• DESCRIPTION OF THE TASK
Every record below should be printed exactly, except for the pictures.

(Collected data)

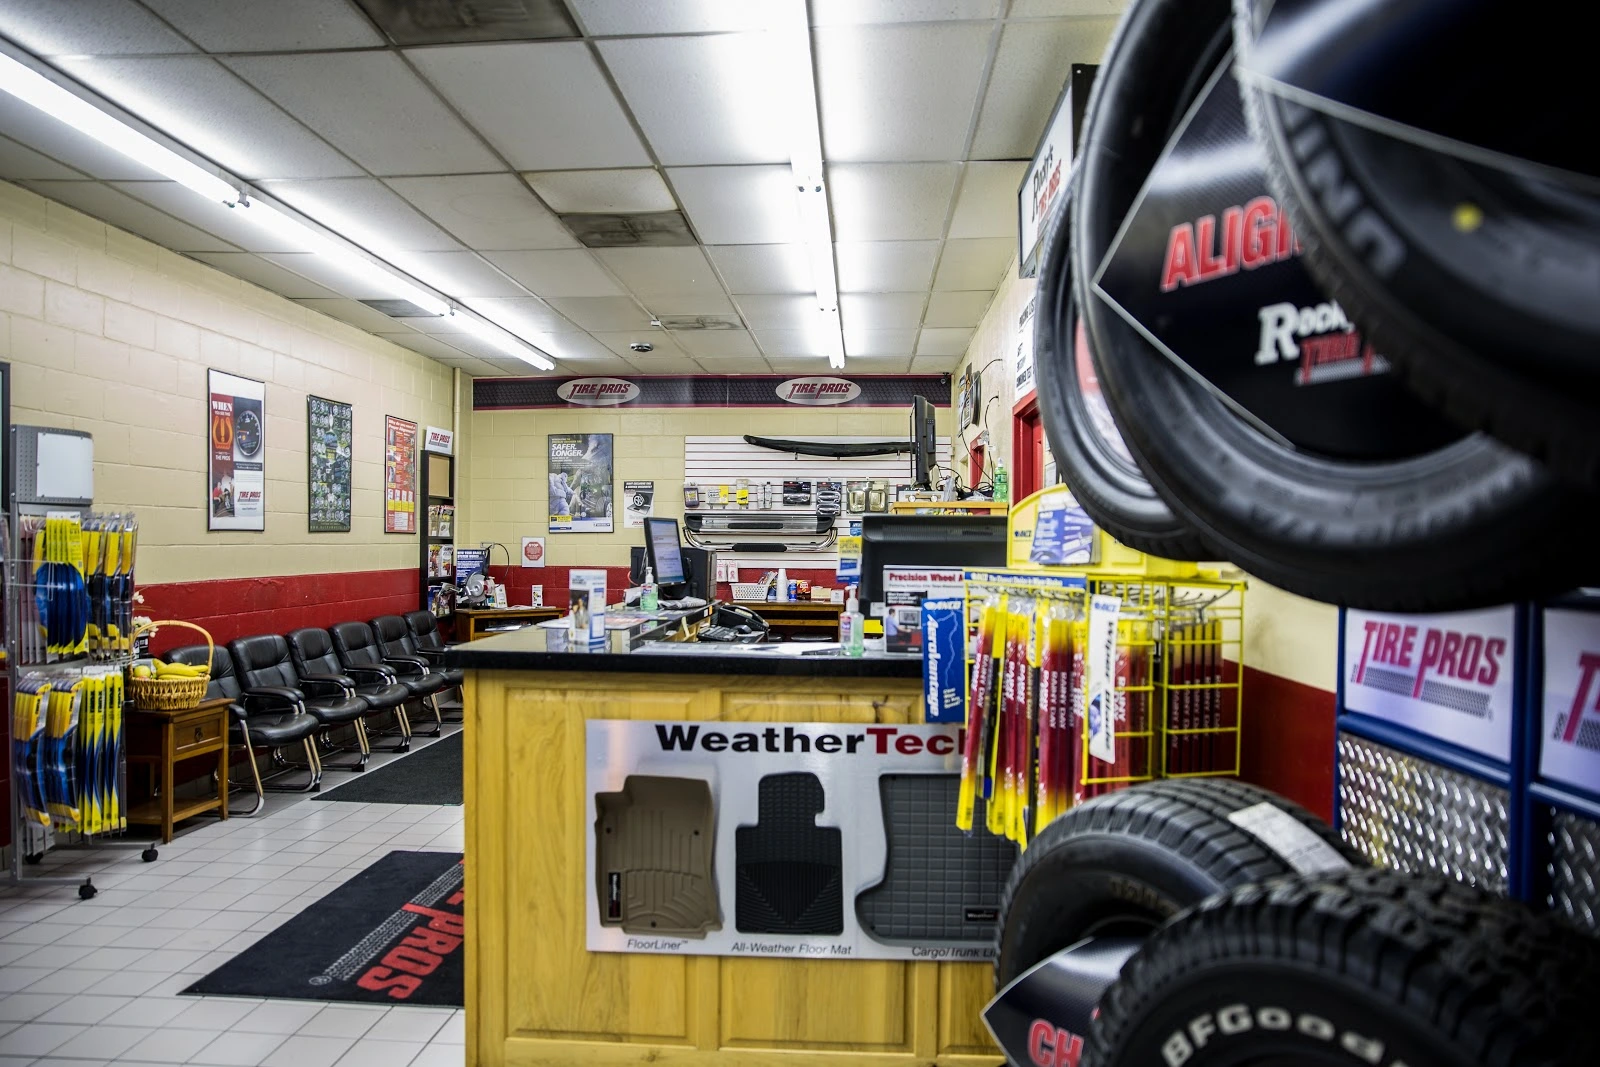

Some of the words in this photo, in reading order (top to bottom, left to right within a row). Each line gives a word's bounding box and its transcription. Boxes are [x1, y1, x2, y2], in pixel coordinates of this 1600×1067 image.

[569, 384, 598, 399] TIRE
[595, 383, 631, 399] PROS
[788, 383, 818, 399] TIRE
[814, 382, 852, 399] PROS
[430, 432, 440, 445] TIRE
[438, 434, 450, 446] PROS
[238, 491, 249, 502] TIRE
[248, 491, 261, 502] PROS
[889, 573, 927, 582] Precision
[930, 573, 955, 582] Wheel
[1105, 621, 1114, 682] Wiper
[1355, 620, 1418, 685] TIRE
[1412, 628, 1507, 700] PROS
[980, 654, 989, 686] RAINY
[1104, 689, 1112, 750] Blade
[732, 942, 795, 954] All-Weather
[800, 943, 826, 954] Floor
[831, 945, 852, 955] Mat

• TASK SOLUTION
Some of the words in this photo, in reading order (top to bottom, left to right within a row). Each line gives a word's bounding box and its transcription. Boxes are [x1, y1, x2, y2], in pixel coordinates of this 1600×1067 image.

[569, 384, 598, 399] TIRE
[595, 383, 631, 399] PROS
[788, 383, 818, 399] TIRE
[814, 382, 852, 399] PROS
[430, 432, 440, 445] TIRE
[438, 434, 450, 446] PROS
[238, 491, 249, 502] TIRE
[248, 491, 261, 502] PROS
[889, 573, 927, 582] Precision
[930, 573, 955, 582] Wheel
[1105, 621, 1114, 682] Wiper
[1355, 620, 1418, 685] TIRE
[1412, 628, 1507, 700] PROS
[980, 654, 989, 686] RAINY
[1104, 689, 1112, 750] Blade
[732, 942, 795, 954] All-Weather
[800, 943, 826, 954] Floor
[831, 945, 852, 955] Mat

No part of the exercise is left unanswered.